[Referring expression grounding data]
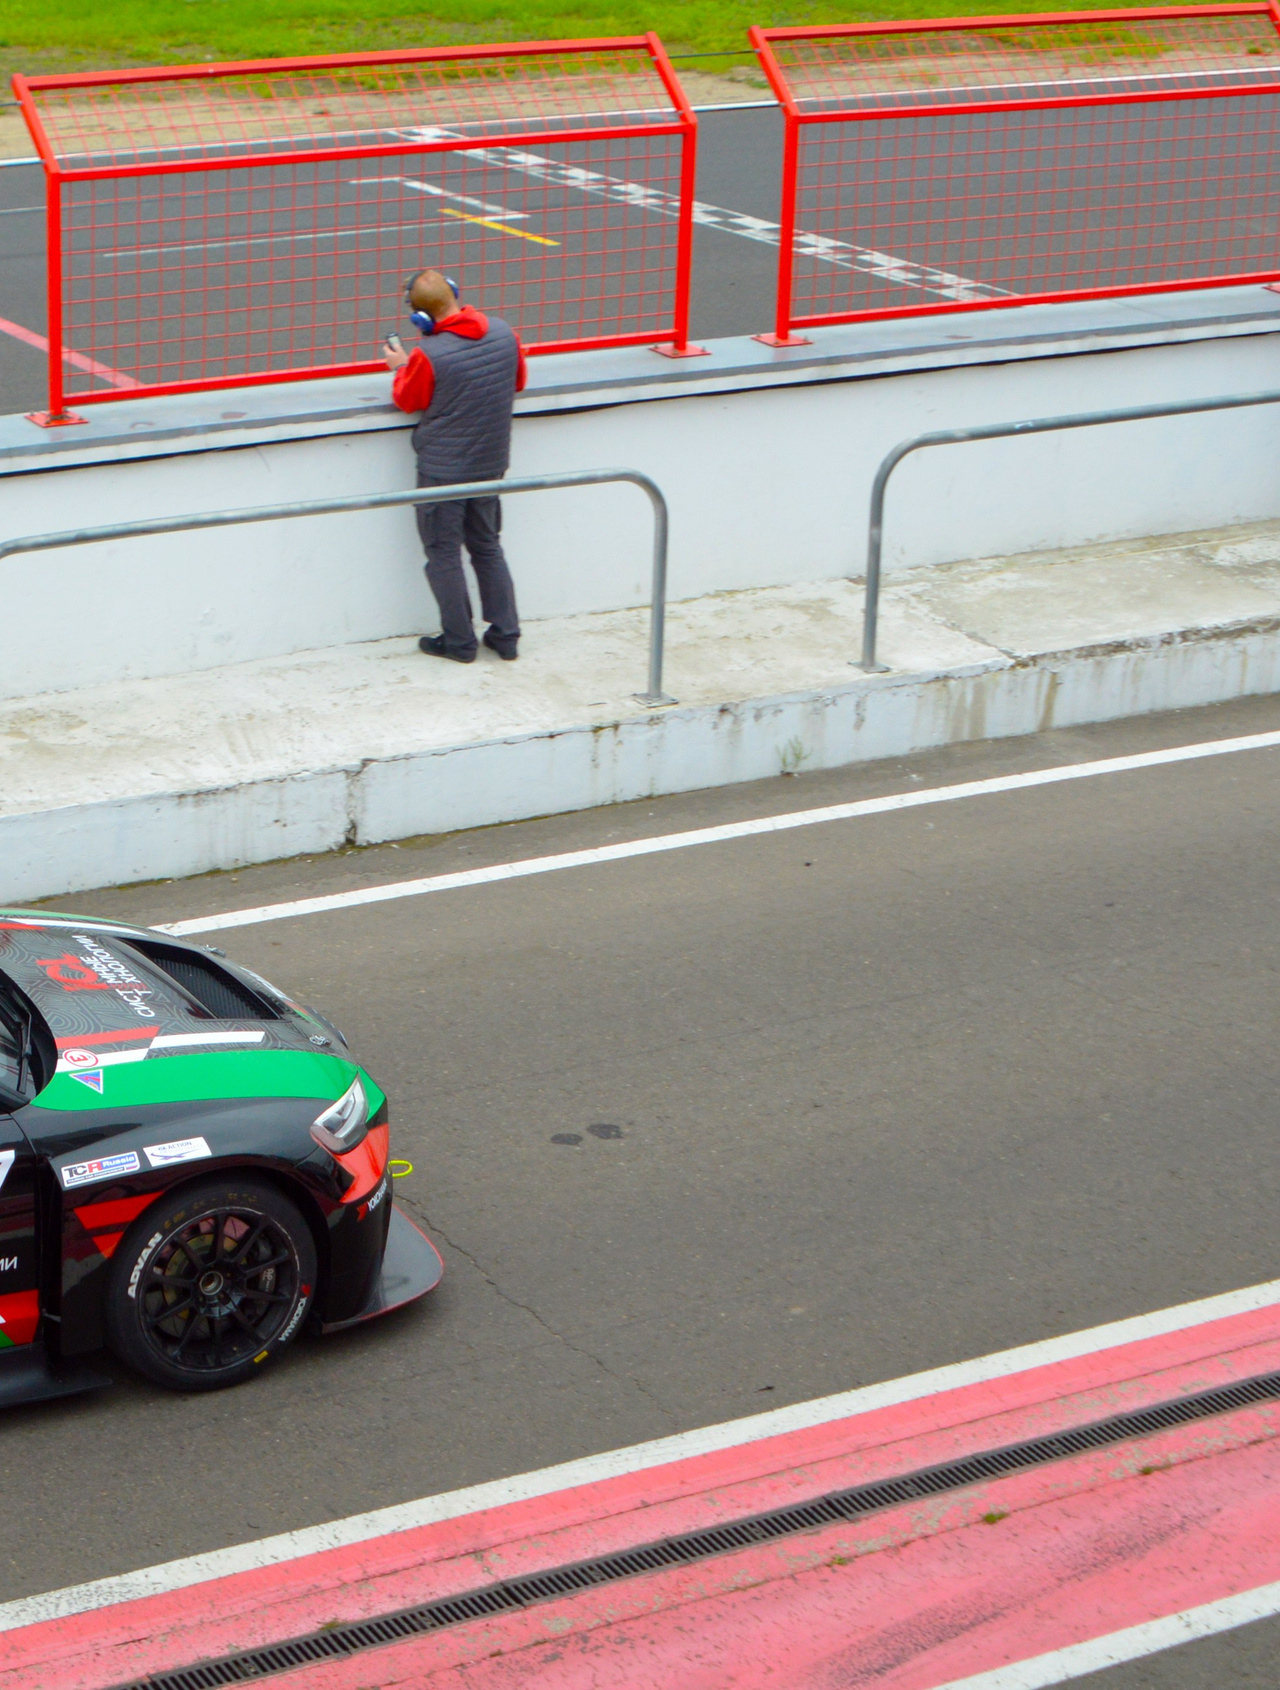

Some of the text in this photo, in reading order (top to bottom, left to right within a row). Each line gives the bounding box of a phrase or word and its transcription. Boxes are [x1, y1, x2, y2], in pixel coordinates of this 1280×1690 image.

[64, 1161, 103, 1178] TCR
[102, 1155, 136, 1168] Russia
[127, 1231, 163, 1299] ADVAN
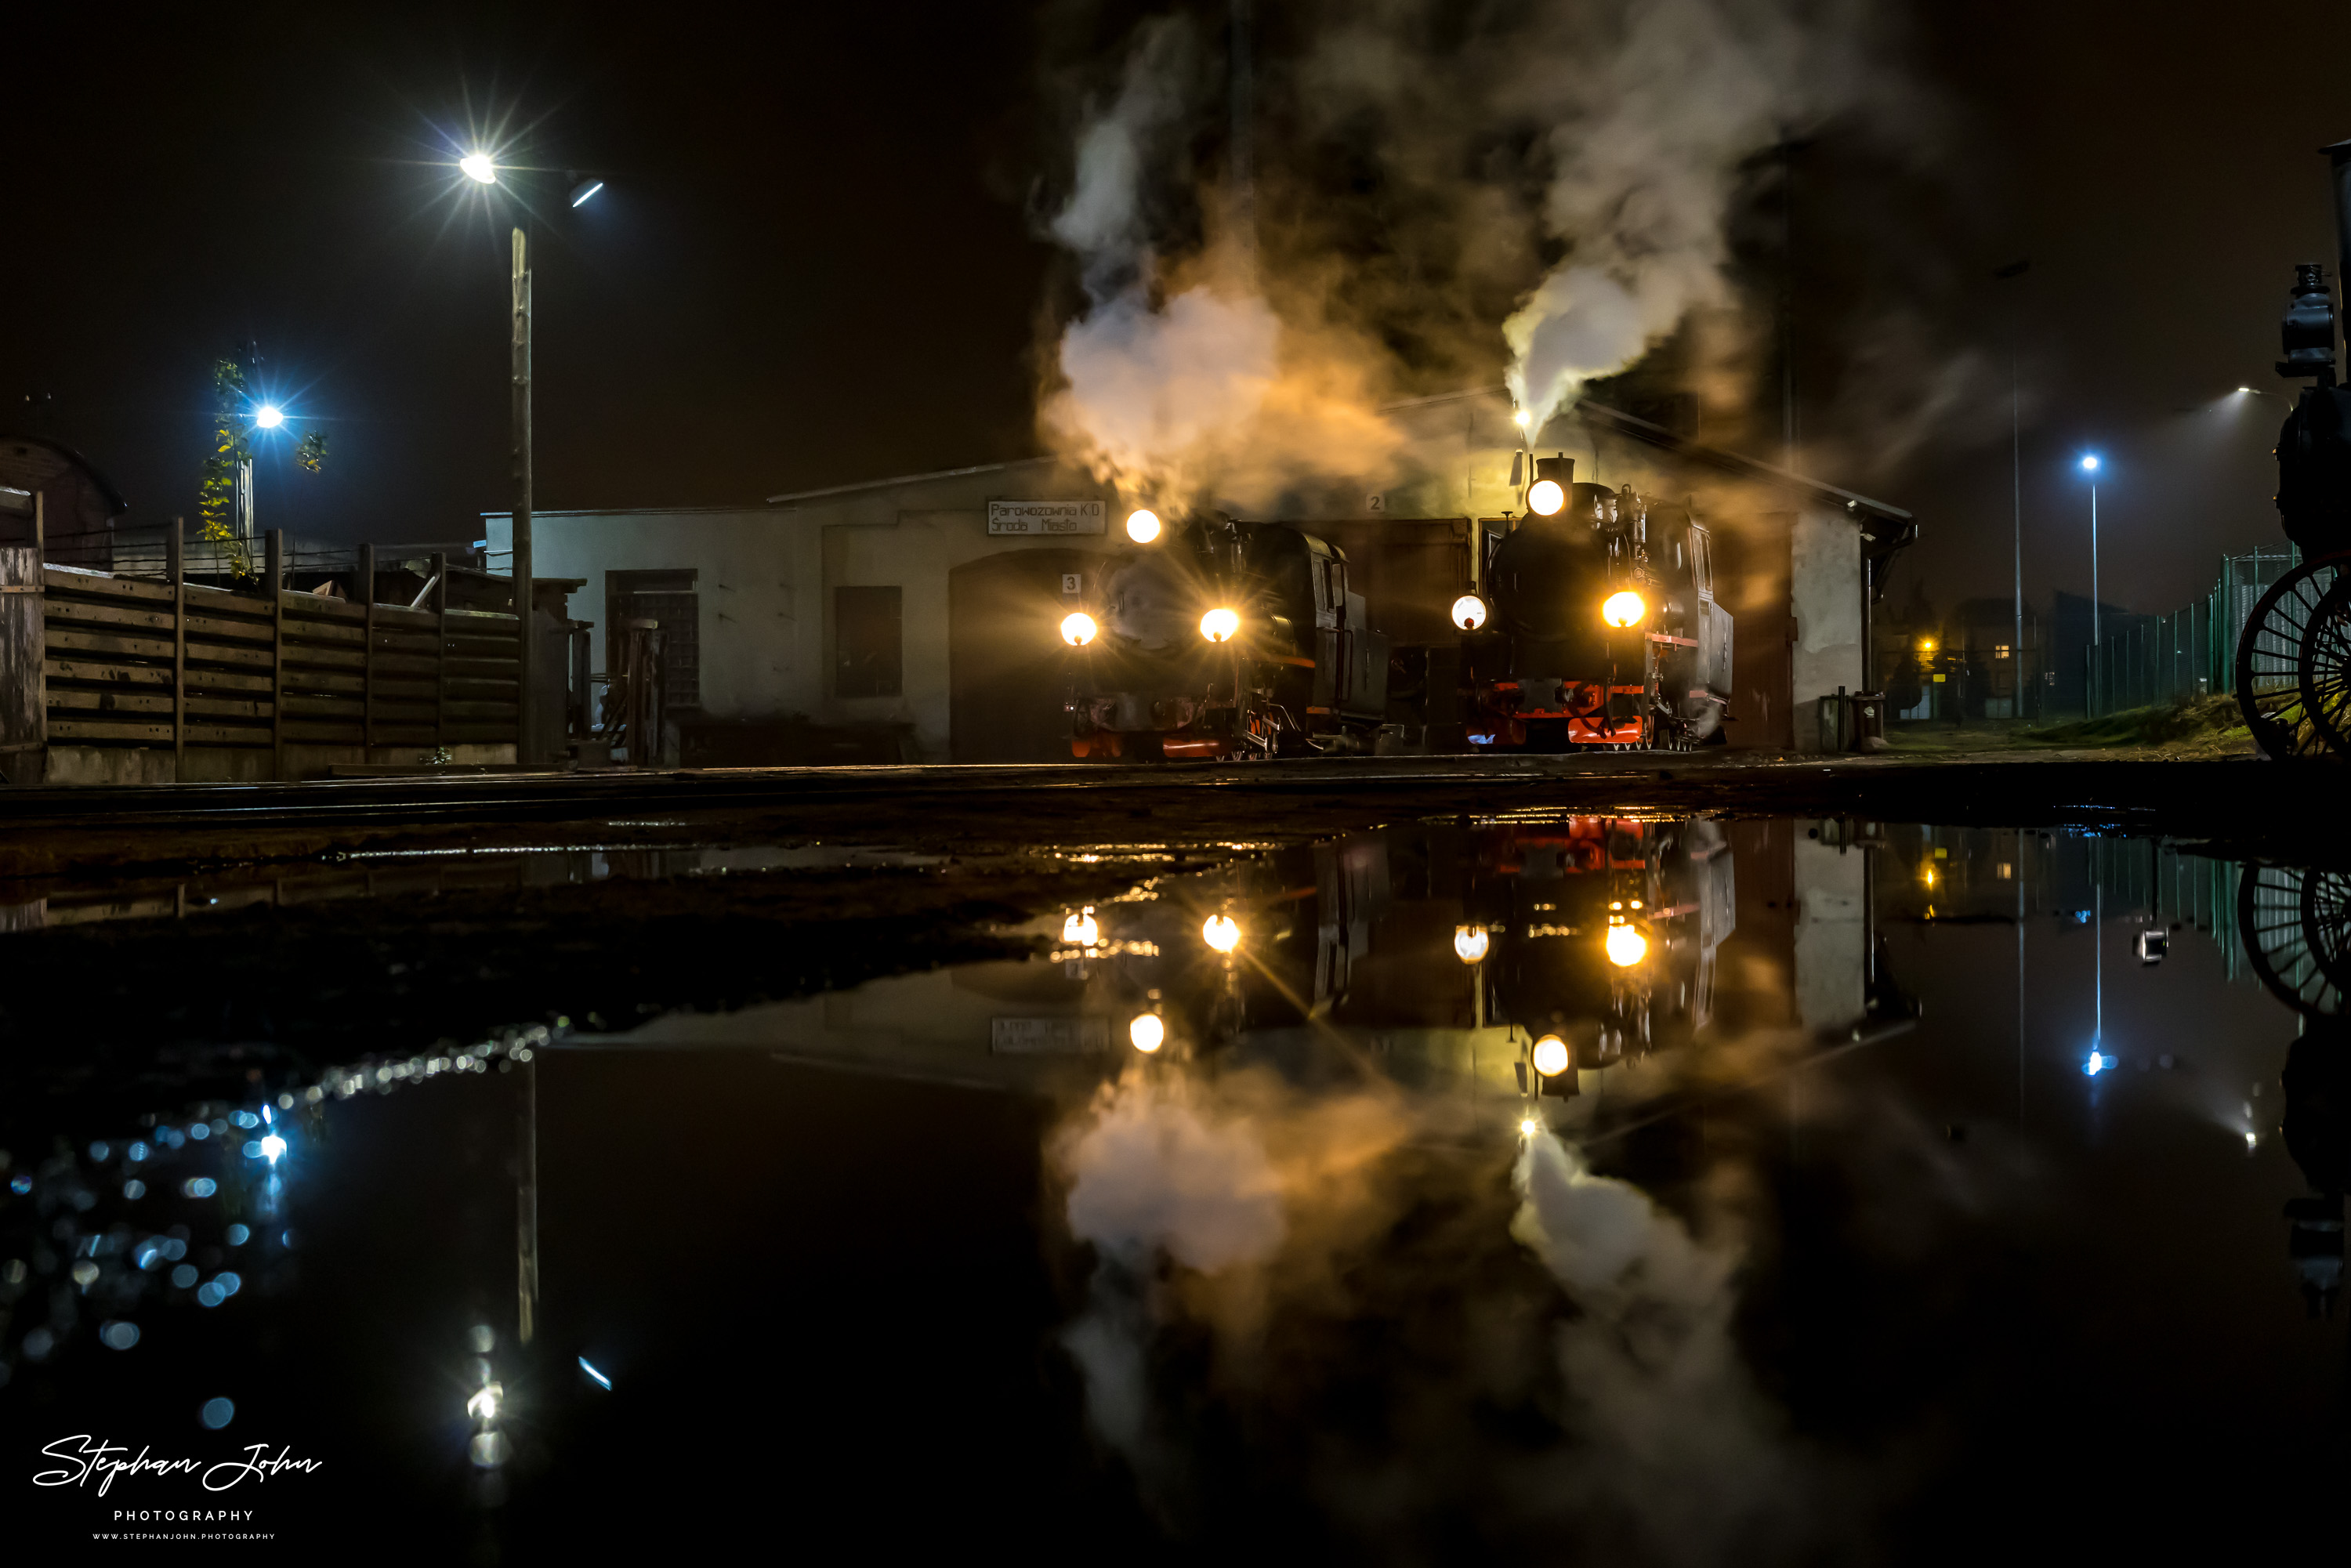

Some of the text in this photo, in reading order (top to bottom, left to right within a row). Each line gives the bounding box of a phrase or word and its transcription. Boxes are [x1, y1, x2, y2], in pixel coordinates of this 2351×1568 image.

[991, 503, 1077, 516] Parowozownia
[1371, 496, 1380, 510] 2
[991, 516, 1078, 531] Środa Miasto
[1067, 576, 1077, 590] 3
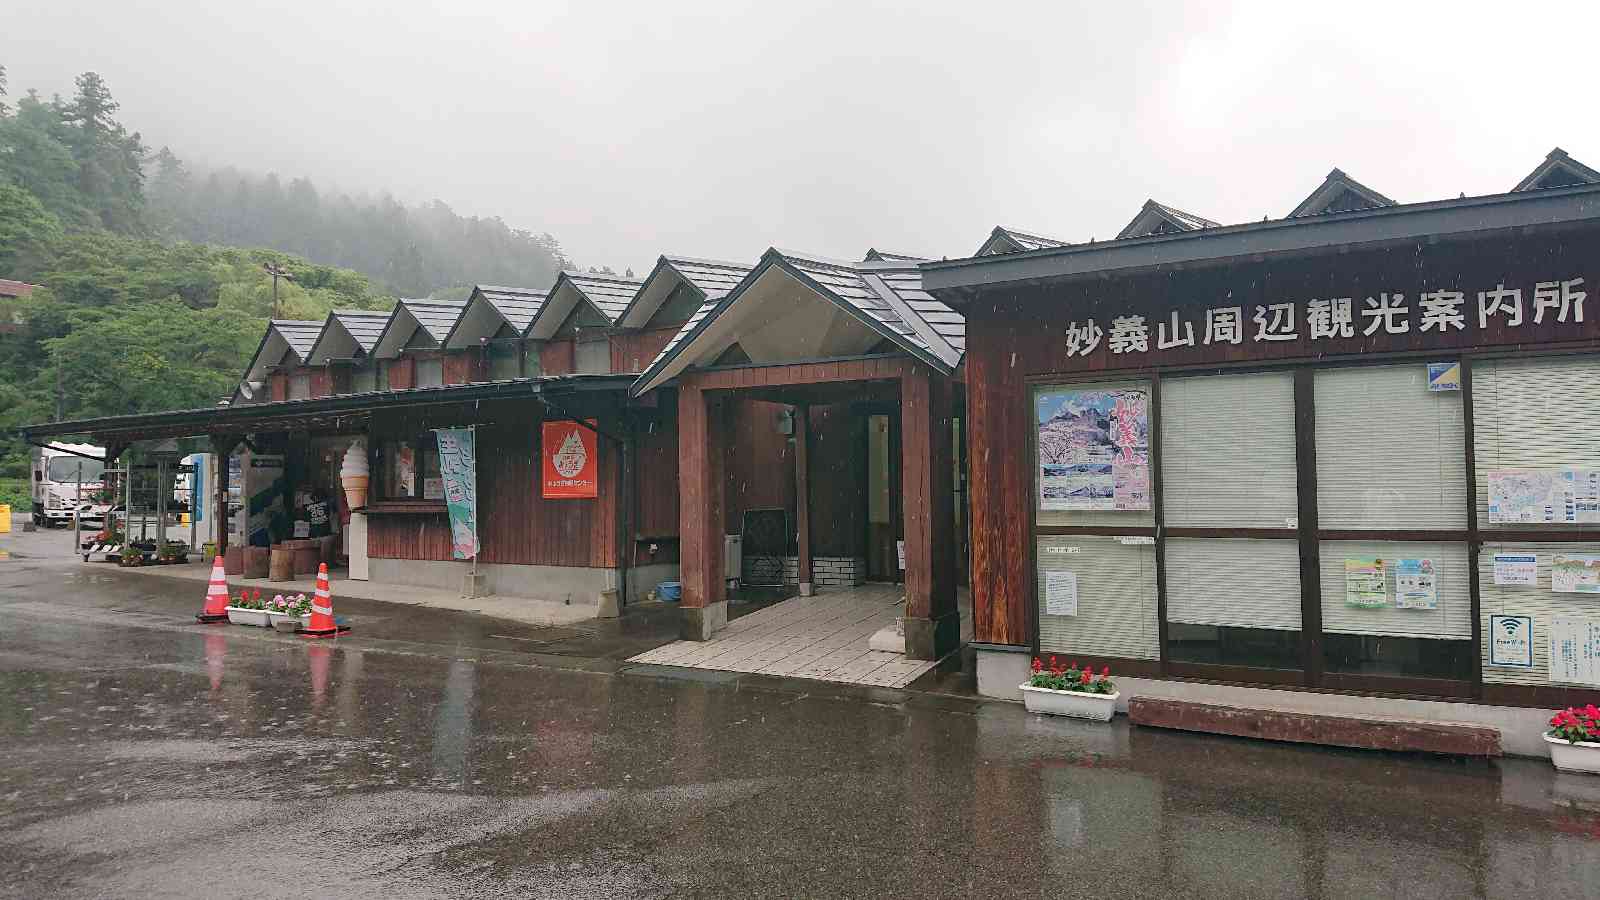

[Assigned task] Restate word for word the lines starting at the one that contains "this 2351×1568 image." and ending at the last line of the data. Skip every picture.

[Task solution]
Some of the text in this photo, in reading order (top to bottom, left to right within a row). Each line gives the bounding box of a phrase or word and its transcription. Boxes are [x1, y1, x2, y2], in pixel coordinates of this 2351×1568 image.

[991, 503, 1077, 516] Parowozownia
[1371, 496, 1380, 510] 2
[991, 516, 1078, 531] Środa Miasto
[1067, 576, 1077, 590] 3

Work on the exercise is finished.